Almost 20 years ago Robert Englund gained cult status as Freddy Krueger--a horror icon as recognizable as Boris Karloff's Frankenstein. Now Englund's name has become so synonymous with this character that replacing him would be catastrophic--and with good reason; this character actor is cause enough to go see the Freddy vs. Jason. This is Englund's eighth time going under the putty knife and he appears to still be having a blast playing Freddy. Although the character's physical appearance hasn't changed a bit (he still wears that skanky striped sweater and his razor fingers are still charmingly low-tech) but his quips are more sarcastic than ever. "What's the matter Lori " the dream-crasher taunts his victim. "Miss your wake-up call?" Former stunt performer Ken Kirzinger portrays Freddy's challenger Friday the 13th's Jason Vorhees. Different actors portrayed the character in 6 of the 10 installments of the Friday series; the last four sequels starred Kane Hodder. But since Jason sports a hockey mask and doesn't talk he doesn't have many personality traits to note--unless you count his slashing technique. So while Kirzinger is a convincing enough Jason it's safe to assume this stunt man was probably hired more for his ability to crash through glass and go up like a human torch rather for any likeness to Jason.

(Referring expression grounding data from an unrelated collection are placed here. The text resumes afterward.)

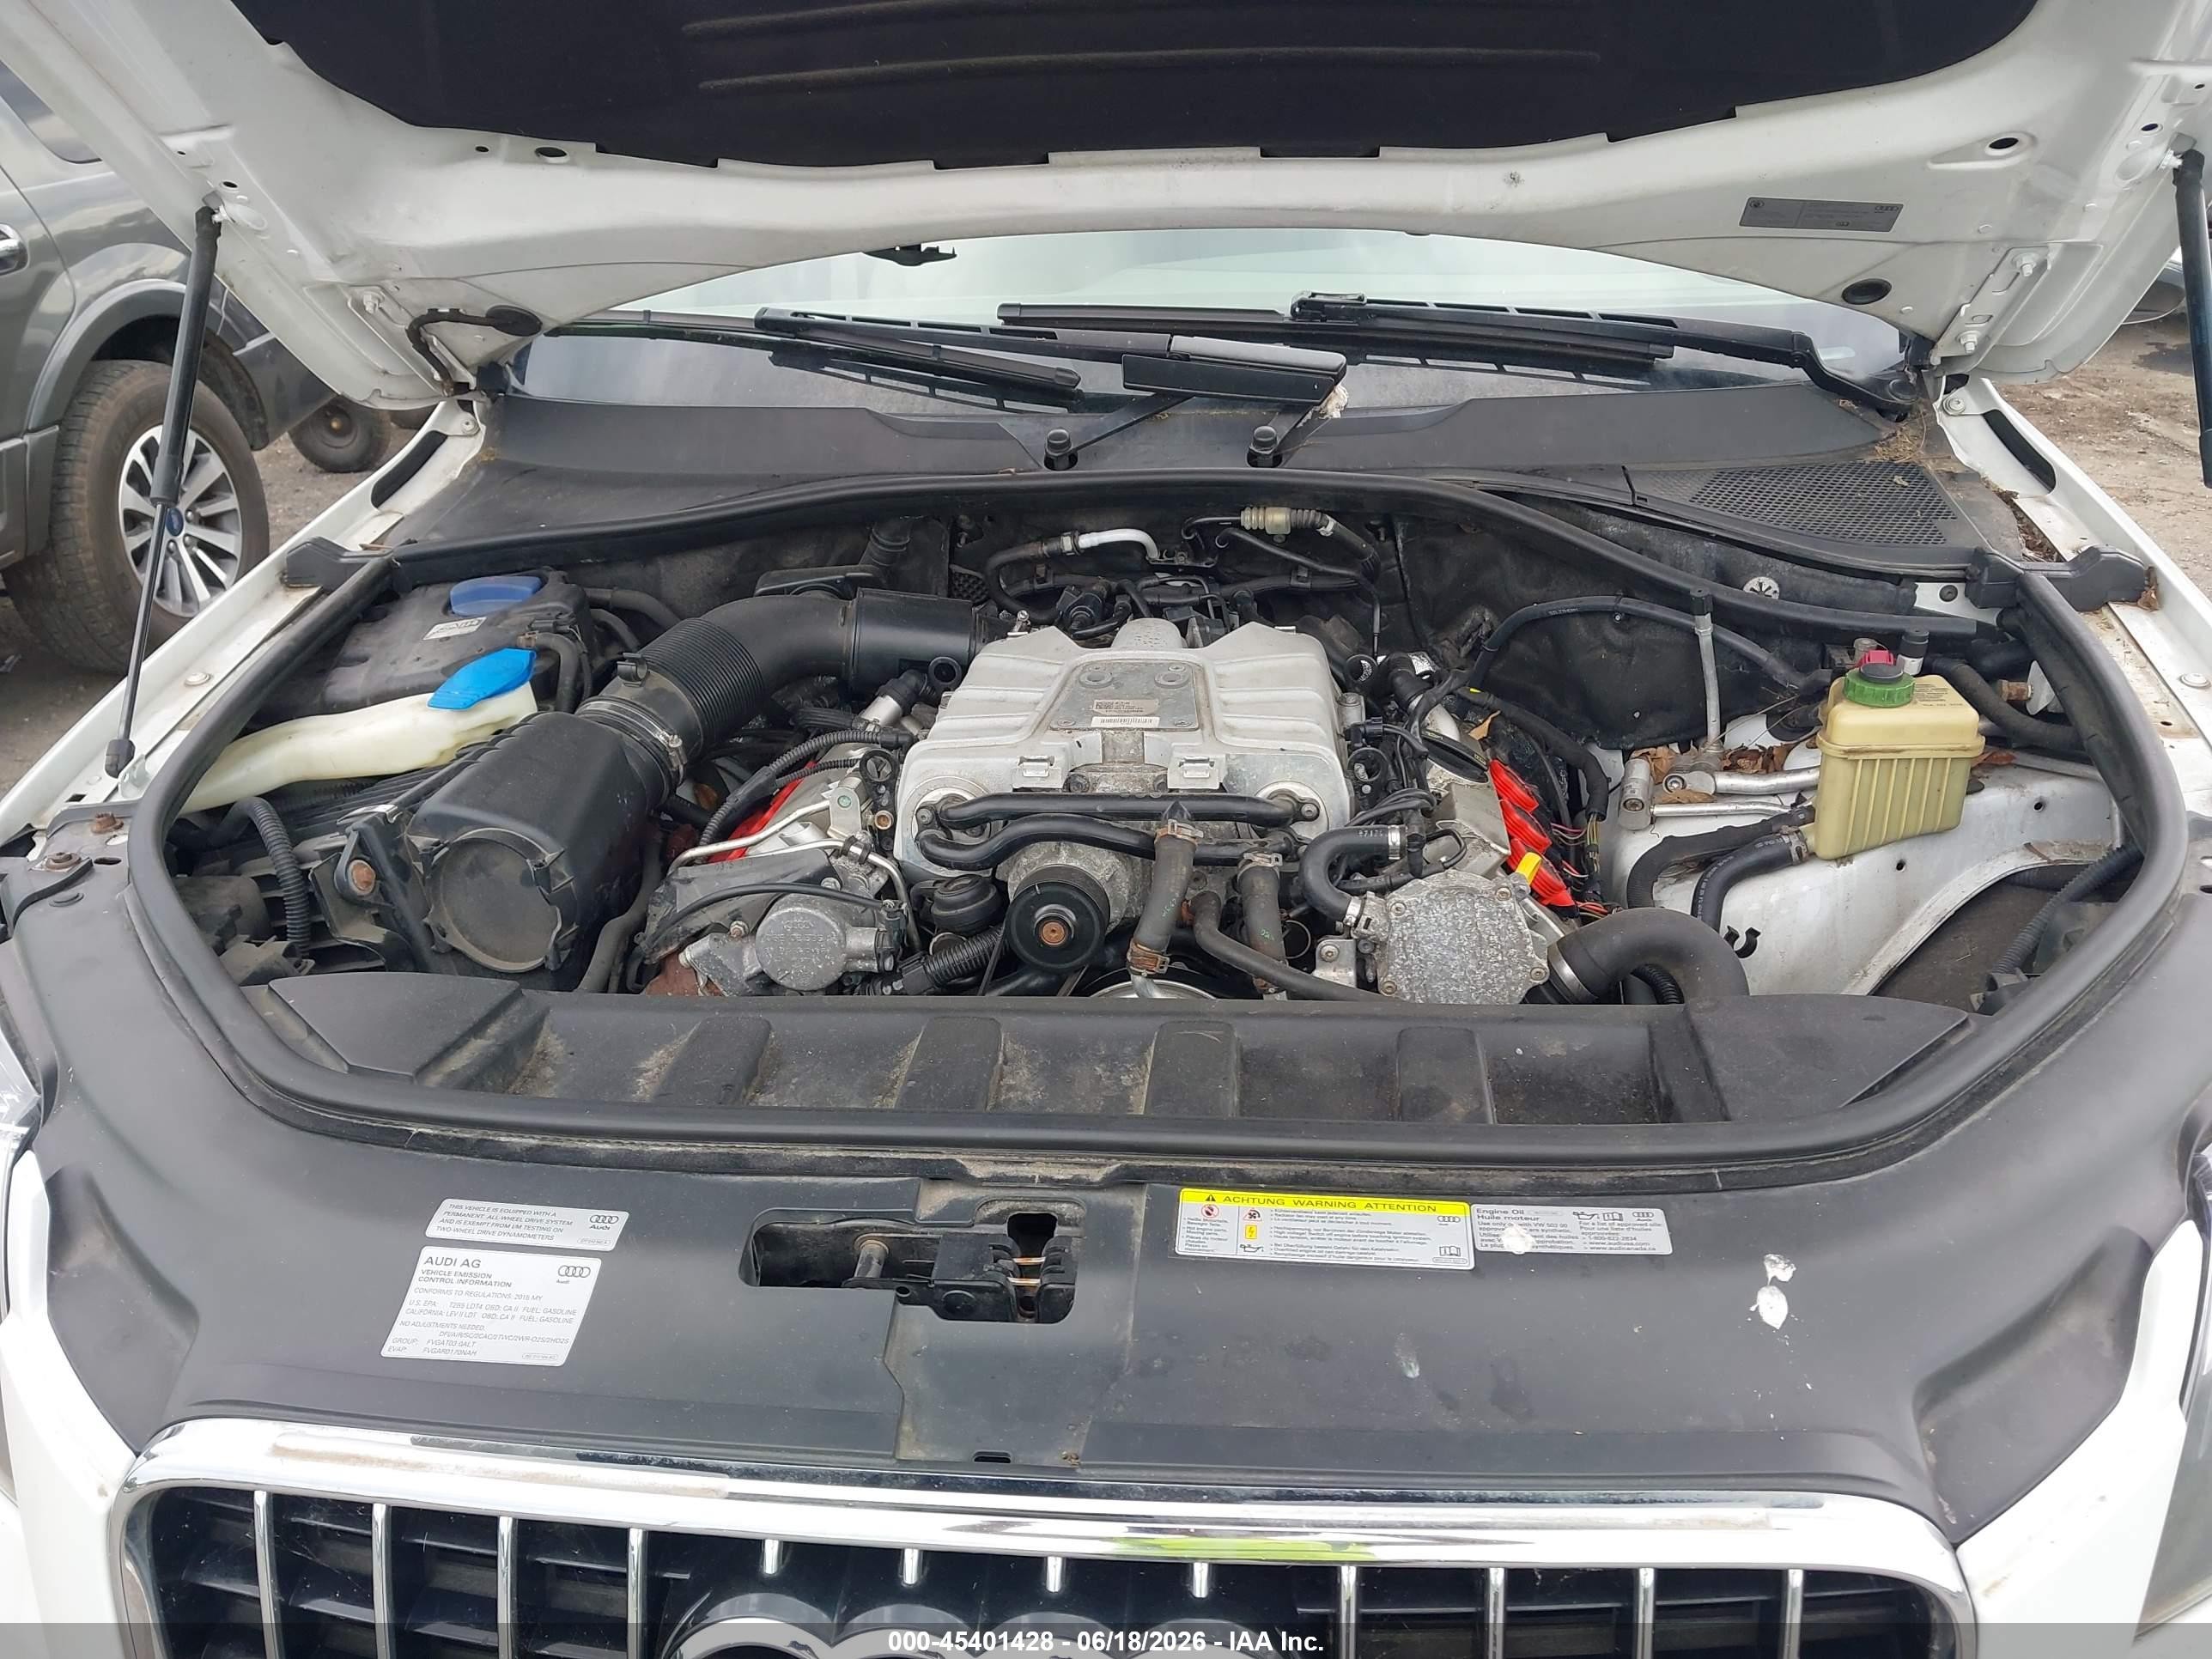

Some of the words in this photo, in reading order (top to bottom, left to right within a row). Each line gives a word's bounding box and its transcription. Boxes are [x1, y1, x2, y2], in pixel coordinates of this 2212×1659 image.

[1223, 1196, 1285, 1205] ACHTUNG
[1293, 1199, 1357, 1208] WARNING
[1364, 1202, 1436, 1212] ATTENTION
[436, 1226, 475, 1235] TWO-WHEEL
[497, 1231, 554, 1241] DYNAMOMETERS
[424, 1257, 457, 1267] AUDI
[460, 1258, 481, 1268] AG
[456, 1279, 512, 1288] INFORMATION

Director Ronny Yu who helmed the psycho doll thriller Bride of Chucky in 1998 is no stranger to the horror genre. Freddy vs. Jason is well done especially Yu's subtle transitions from the characters' realities to dreamland. This is where the director manages to inject a bit of tension into the film by playing mind games with the audience: When a character heads towards imminent danger the audience is never sure if they have fallen asleep and are dreaming or if what is happening is real--until a visual clue pops up like a bleating goat appearing where it clearly doesn't belong. Yu does this with a sense of humor and a bit of '80s nostalgia which is sure to please connoisseurs of the franchise. But the problem with Freddy vs. Jason is that it is so busy not taking itself too seriously that it fails to instill fear. Screenwriters Damian Shanning and Mark Swift had the thorny task of blending Freddy's supernatural and somewhat intellectually superior storylines with Jason's thuggish slasher plots and the result is story that leans more towards the brutish. The buildup and tension that made Nightmare on Elm Street so eccentrically frightening is gone and Freddy is brought down to Jason's level forced to fight physically rather than use his manipulative mind power. Watching the two malevolent entities hacking away at each other Freddy and Jason have almost been reduced to standing jokes.